Many people love it, I am one, when their loved one unwraps something! Unwrapping gives a great opportunity for a picture. What do you do when your loved one doesn’t want anything for X-mas? Enter the X-mas Brick! An ordinary brick that can be wrapped in tissue, wrapping paper or boxed.

The brick provides for the perfect photo op and eliminates the awkwardness that goes along with knick-knacks or duplicates. The brick is also a green commodity since it can be reused season after season. The brick is perfect for those that ask you what you want, ignore what you have to say and do what they want anyway.

The phone call

Recently there was post on Eclectic Nerdery about a really bad morning. I couldn’t remember off the top of my head if I had a similar morning. Ahouseholdkate reminded me of a phone call I got early one morning so this is for her.

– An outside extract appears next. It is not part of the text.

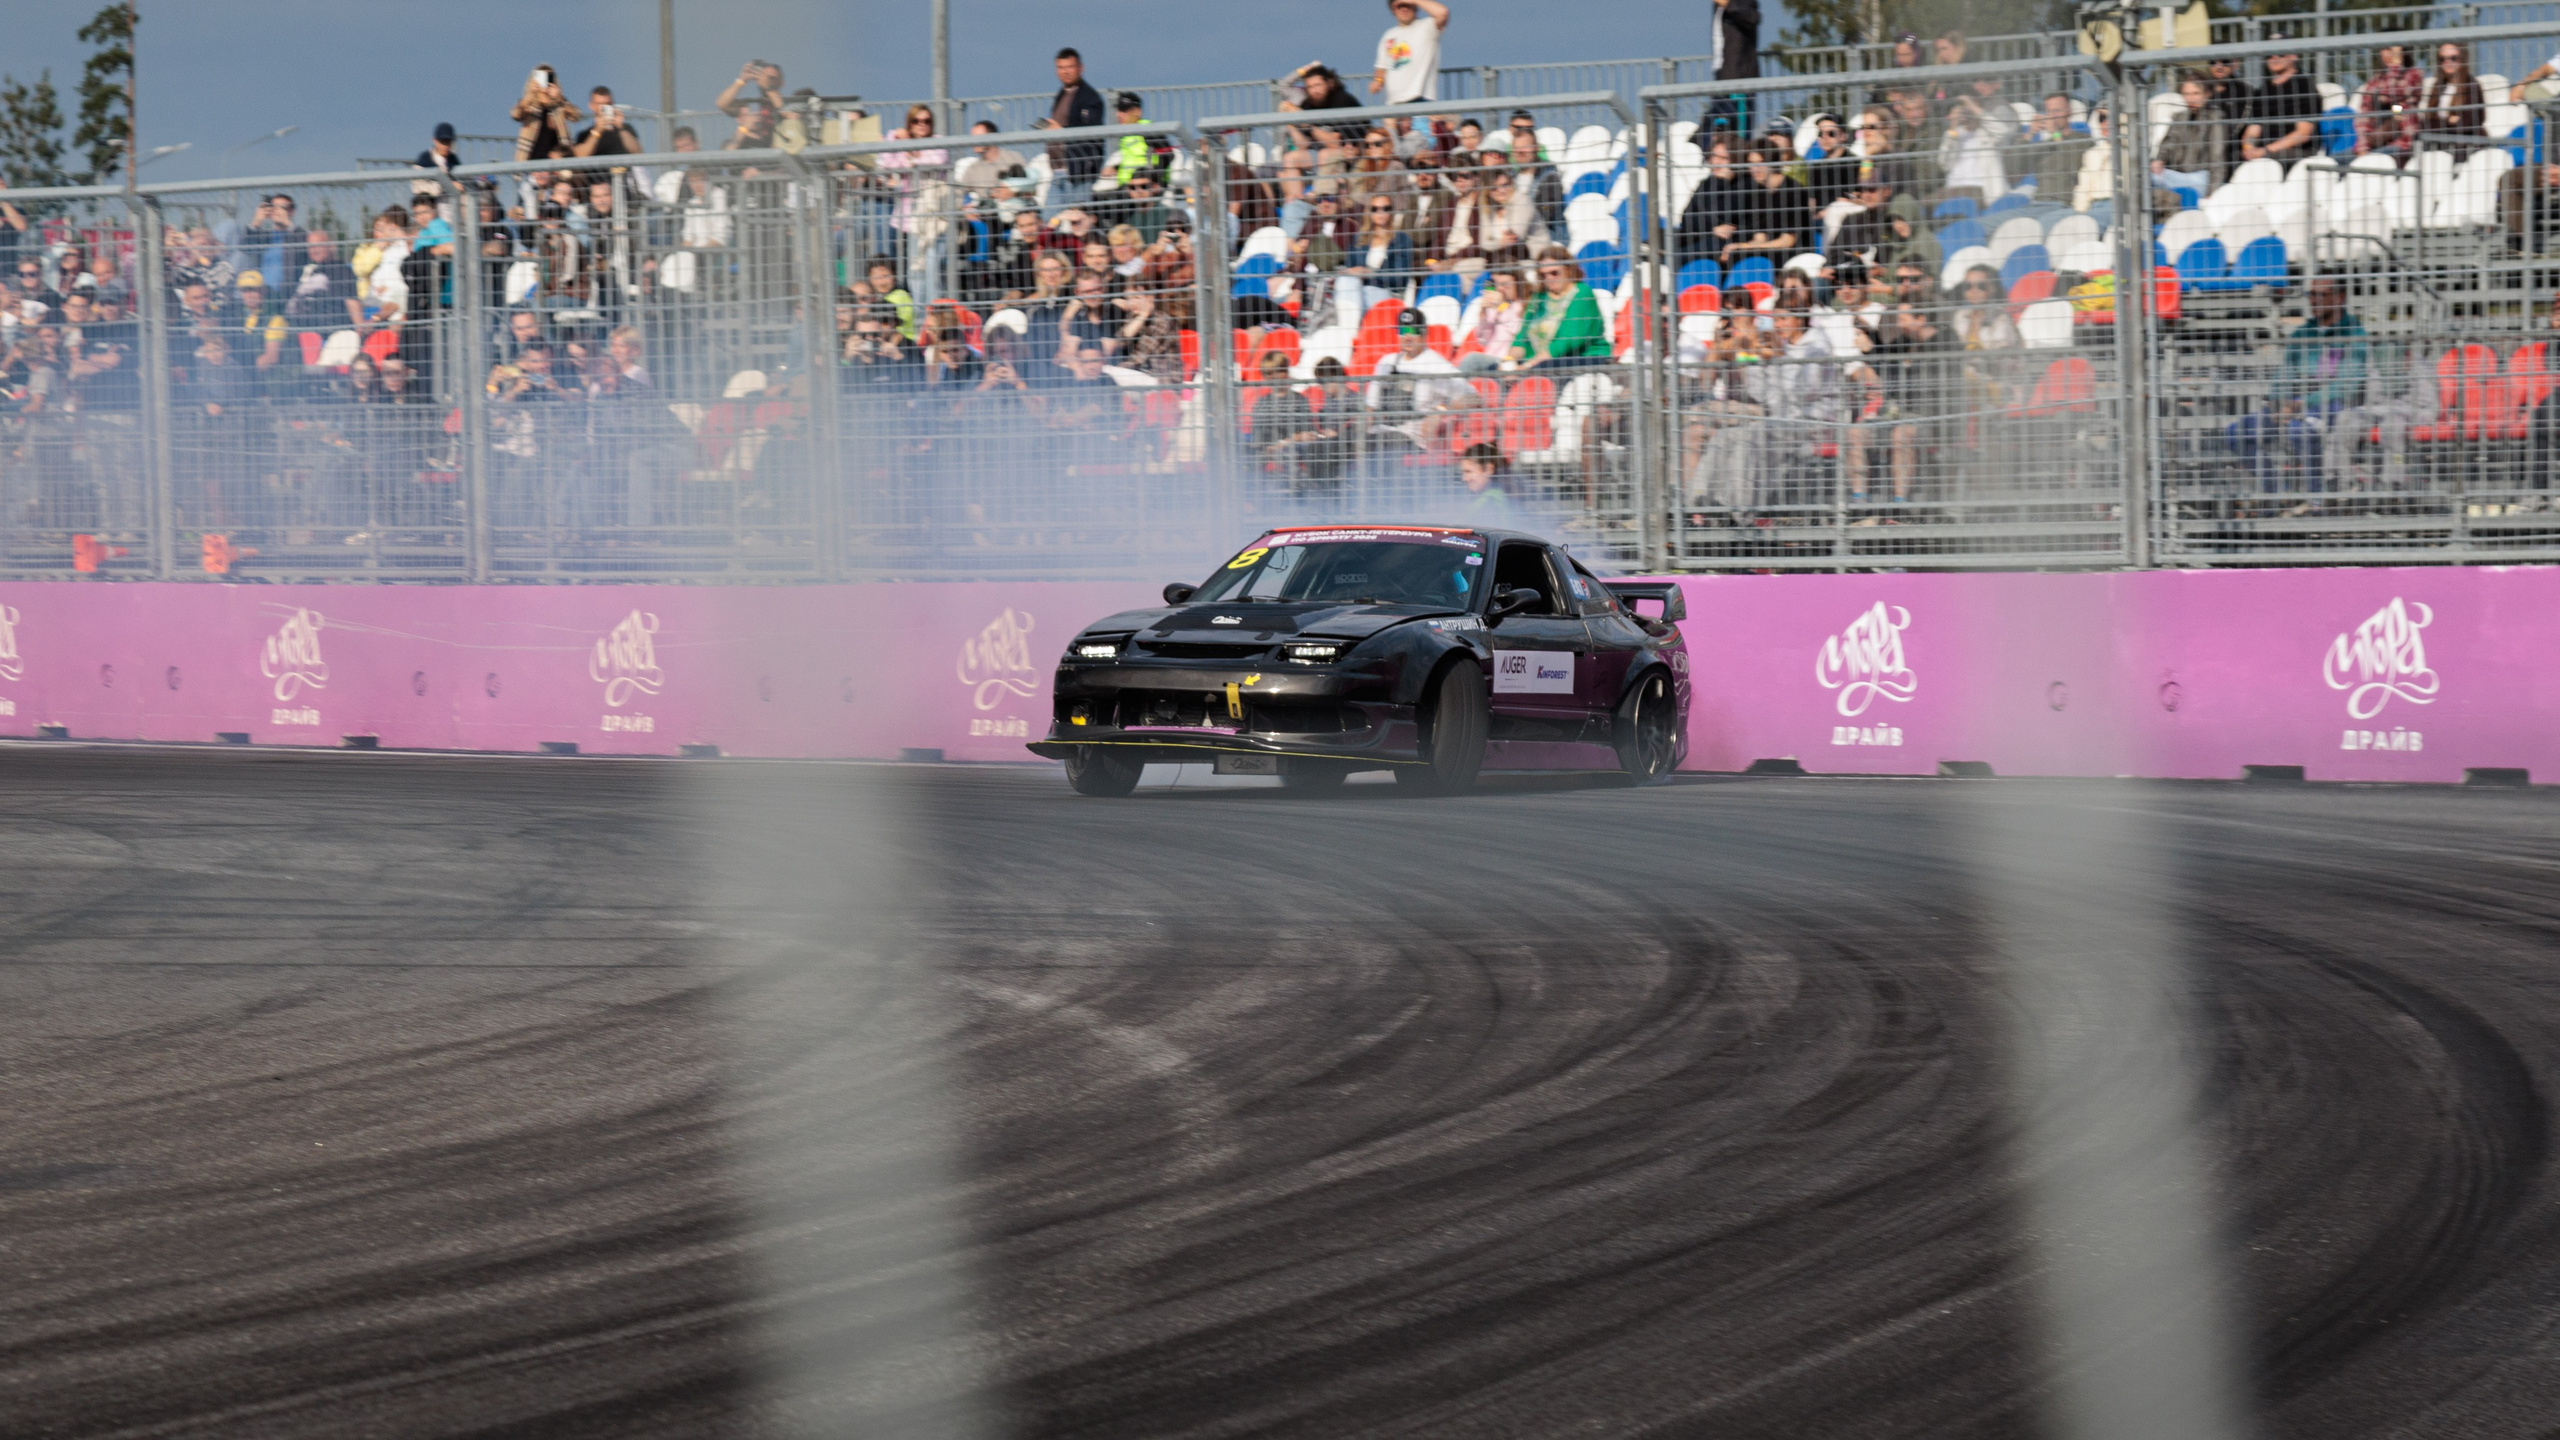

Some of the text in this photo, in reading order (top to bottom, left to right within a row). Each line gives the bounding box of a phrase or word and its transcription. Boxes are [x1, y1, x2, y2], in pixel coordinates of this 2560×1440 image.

My anonymous husband and I do not have a land line and it is rare that I receive calls to my mobile. Early one Monday morning, and I do mean early, around 2:30 my phone rings. I don’t recognize the number but I proceed to answer it. I manage to groggily say, “hello” the woman on the other end of the line immediately launches into “I’m never going to see him again what am I going to do?” The voice of the woman is not clear and its obvious that she is very distraught. I ask “who is it” and I get a response that sounds like “Debby”. Well I do know a Debby, a very close friend who I have known for over 21 years in fact shes like a second mother to me. The last time a call came from Debby very early in the morning one of her sons had just died in an accident.

I get out of bed and proceed to the bathroom so I don’t wake up my anonymous husband. I ask her to calm down and tell me what has happened. Once again the response is an almost unintelligible “I’m never going to see him again, what am I going to do”. Now my husband is awake and from the look on his face he knows something is going on but doesn’t ask me since I’m still trying to figure it out myself.

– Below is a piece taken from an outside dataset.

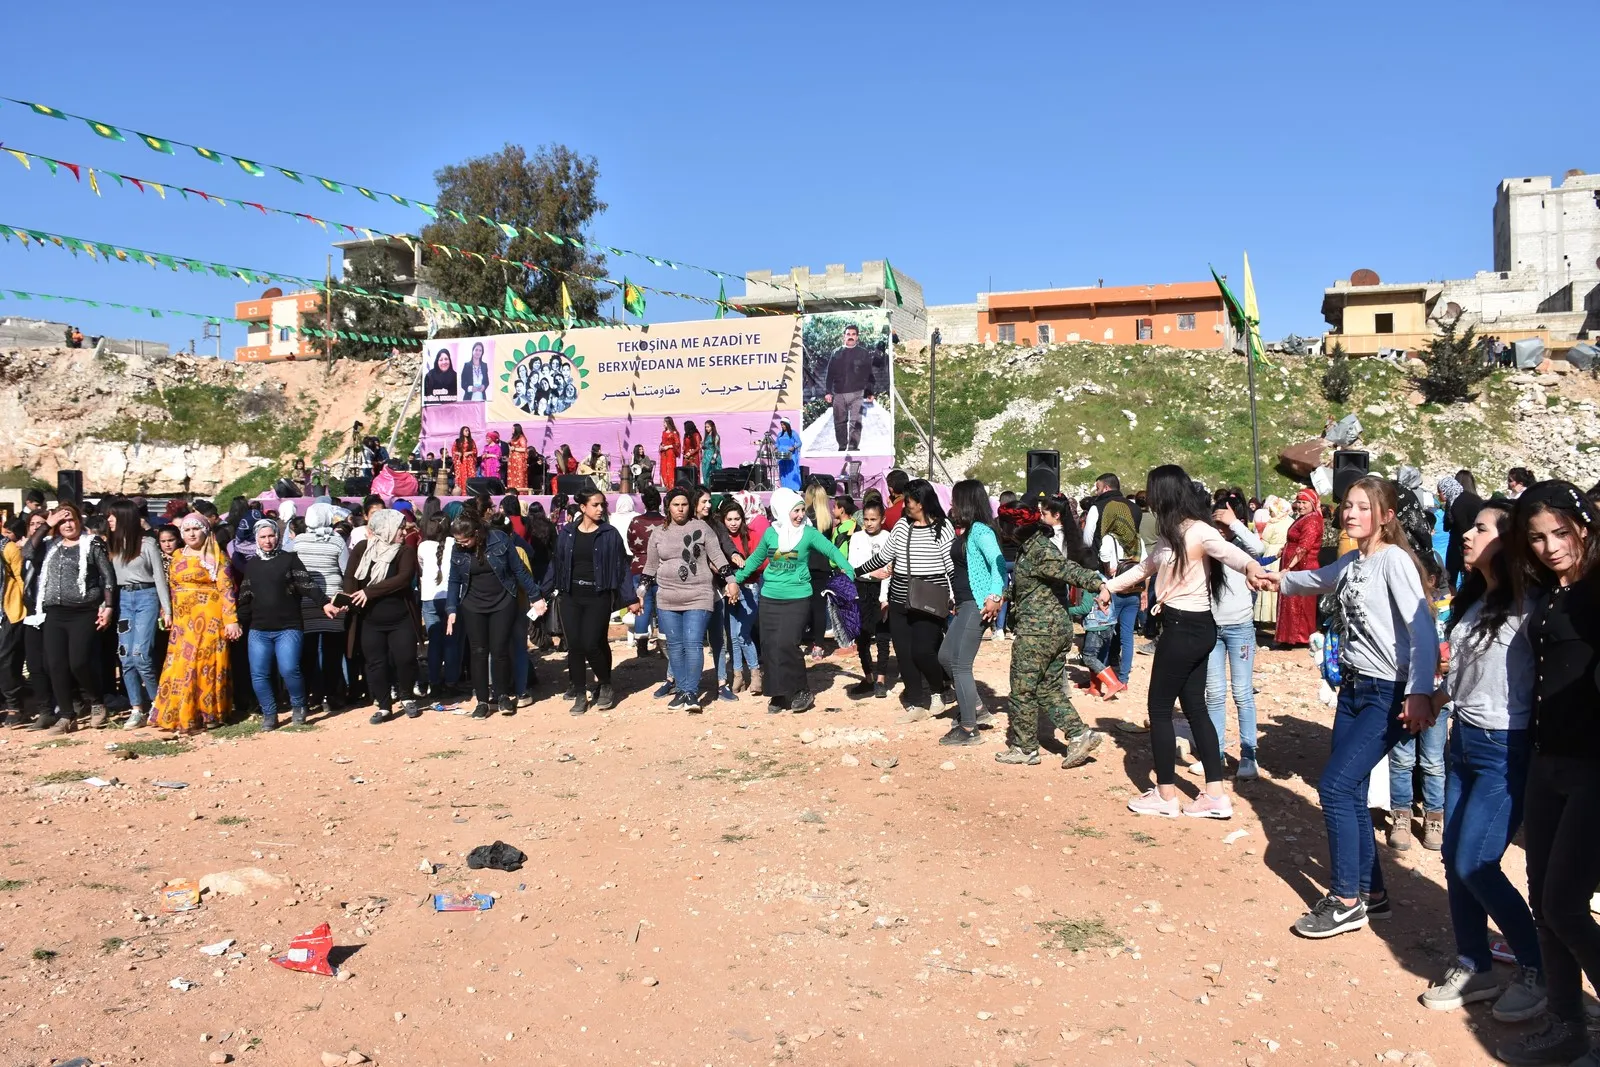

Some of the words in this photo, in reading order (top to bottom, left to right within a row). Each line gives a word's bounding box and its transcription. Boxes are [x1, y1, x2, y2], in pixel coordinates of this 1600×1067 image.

The slumbering fog is starting to leave my brain I ask in a forceful tone, “What is going on, what has happened?” My answer was a whining “I’ll never see him again he’s never going to lick my pussy again”. I yell out “WHAT!!” she responds in very distraught wail “he’s never going to lick my pussy again what am I going to do?”.

My addled brain has now figured out that this woman is not the Debby I know. I ask again “who is this” and now the woman has a slight sobering inkling that perhaps I’m not the intended recipient of this drunken confession. However, this is not a big enough deterrent for her to end the conversation with me. I once again ask “who is it” this was a mistake. She bleats out “He’s never going to lick my pussy again…you sound nice can I lick yours?”, I hastily broke the connection.

My husband asks “what was that all about?” so I tell him and he’s as puzzled as I am. I can see he’s about to ask me something when my phone rings again. I look at the number and sure as shit its the crazy-lunatic-drunk-psycho woman again. My husband answers the phone and I guess hearing a man gruffly answer “Yes?” was enough to get her to hang up and not call me again.